PAR NAZIM BRAHIMI
Comme redouté depuis l’annonce il y a quelques jours des alertes canicule et les grosses chaleurs qui en découlent, les premiers incendies sont enregistrés avec leur lot de victimes humaines et de ravage du patrimoine forestier. L’été ne s’est pas encore installé que voilà la hantise des feux de forêt avec, dans les mémoires, ceux d’un mois d’août 2021 cauchemardesque. Deux morts ont déjà été déplorés dans la wilaya de Skikda, l’une dans la localité de Ramdane-Djamel, l’autre à Azzaba, sans compter les dégâts occasionnés à la flore et aux champs cultivés dans une wilaya fortement marquée par les incendies de l’été 2021. Le bilan établi cette année-là par la Protection civile, en ce qui concerne la wilaya de Skikda, fait état de la destruction entre le 1er juin et le 25 août de 2 151 ha de forêt, de broussailles et de maquis, 15,3 ha de champs de blé et d’orge sur pied, 363 bottes de foin, 2 939 arbres fruitiers, déplorant la mort d’une personne asphyxiée par la fumée à Tamer dans la commune d’El Hadaiek.

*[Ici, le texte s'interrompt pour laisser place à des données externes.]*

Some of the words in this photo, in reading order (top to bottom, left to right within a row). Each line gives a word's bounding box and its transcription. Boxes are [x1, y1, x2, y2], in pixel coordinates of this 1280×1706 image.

A Béjaïa, c’est plus de 5 hectares de blé sur pied qui ont été ravagés, lundi après-midi, dans une ferme pilote de la circonscription d’Amizour, à 25 km au sud de Béjaïa, selon la Protection civile, qui a relevé que «quasiment toute la récolte est partie en fumée». Les autorités et les populations sont plus que jamais appelées à redoubler de vigilance pour éviter la reproduction du scénario qui avait endeuillé tout le pays.

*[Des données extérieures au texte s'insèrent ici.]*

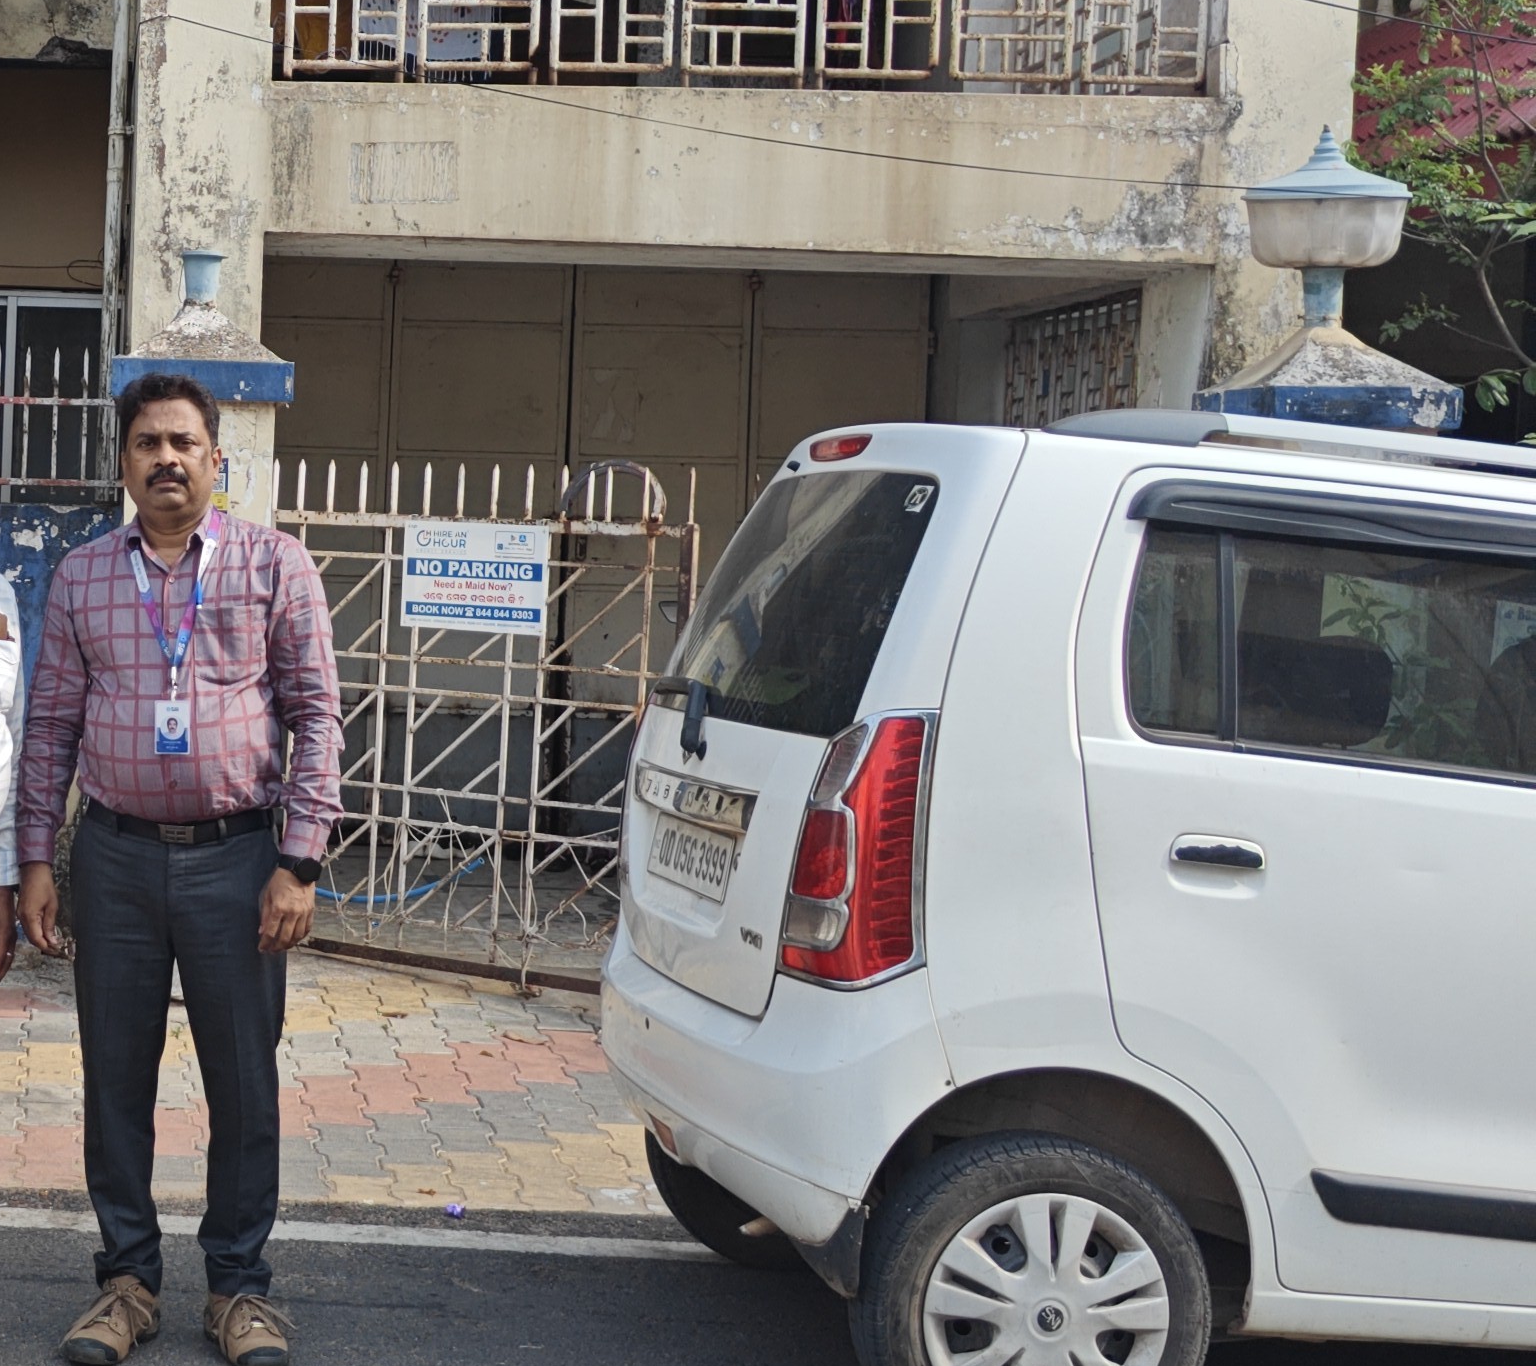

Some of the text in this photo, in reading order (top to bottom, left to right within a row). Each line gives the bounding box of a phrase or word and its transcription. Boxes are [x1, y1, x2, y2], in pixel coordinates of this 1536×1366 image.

[433, 538, 467, 549] HOUR
[415, 559, 534, 580] NO PARKING
[433, 580, 455, 590] Need
[465, 581, 486, 591] Maid
[488, 582, 513, 592] Now?
[411, 604, 534, 620] BOOK NOW 844 844 9303
[695, 841, 727, 887] 3999

A Tizi- Ouzou, la région la plus touchée, l’été dernier, par les feux, on déplore pas moins de 7 hectares de blé ravagés par un incendie qui s’est déclaré dimanche en fin d’après-midi dans un champs à Draa El Mizan, au sud-ouest de Tizi-Ouzou, a rapporté un communiqué de la Protection civile. Fort heureusement, a ajouté la même source, l’incendie a été vite circonscrit. Ce qui a permis de sauver 34 hectares, précise la même source, qui invite les céréaliculteurs à prendre des précautions et des mesures préventives. Il s’agit, entre autres, de la réalisation de tournières autour des champs, prévoir des citernes ou réserves d’eau pour assurer la première intervention en cas d’incendie et 2 extincteurs (à poudre et à eau) à installer sur les moissonneuses-batteuses. Et si diverses mesures ont été déjà prises dans une démarche de prévention contre les deux feux de forêt (gel provisoire de l’activité de production du charbon à l’interdiction des campings anarchiques dans les forêts), il va sans dire que beaucoup d’efforts restent à faire pour éviter le pire. Il va falloir dans ce sens que le dispositif opérationnel de mobilisation générale et d’alerte maximale de lutte contre les incendies de forêt, mis en place par le ministère de l’Agriculture et du Développement rural, soit véritablement opérationnel dans les situations d’urgence. D’autant qu’a été annoncée, dans le sillage, l’installation de 1 333 comités opérationnels communaux qui ont un rôle de coordination des actions de lutte, au niveau communal, en mobilisant les moyens nécessaires et la mise en place des 468 comités opérationnels de daïra qui coordonnent les opérations de lutte au niveau des communes placées sous l’autorité de chaque daïra. Le dispositif en question est chapeauté par la Commission nationale de protection des forêts (CNPF) présidée par le ministre de l’Agriculture, composée de représentants de 13 ministères et 11 institutions nationales en relation avec la protection des forêts. Rappelons que les incendies dramatiques de l’été 2021 ont causé la destruction de plus de 100 000 hectares au niveau
de 21 wilayas et fait plusieurs victimes.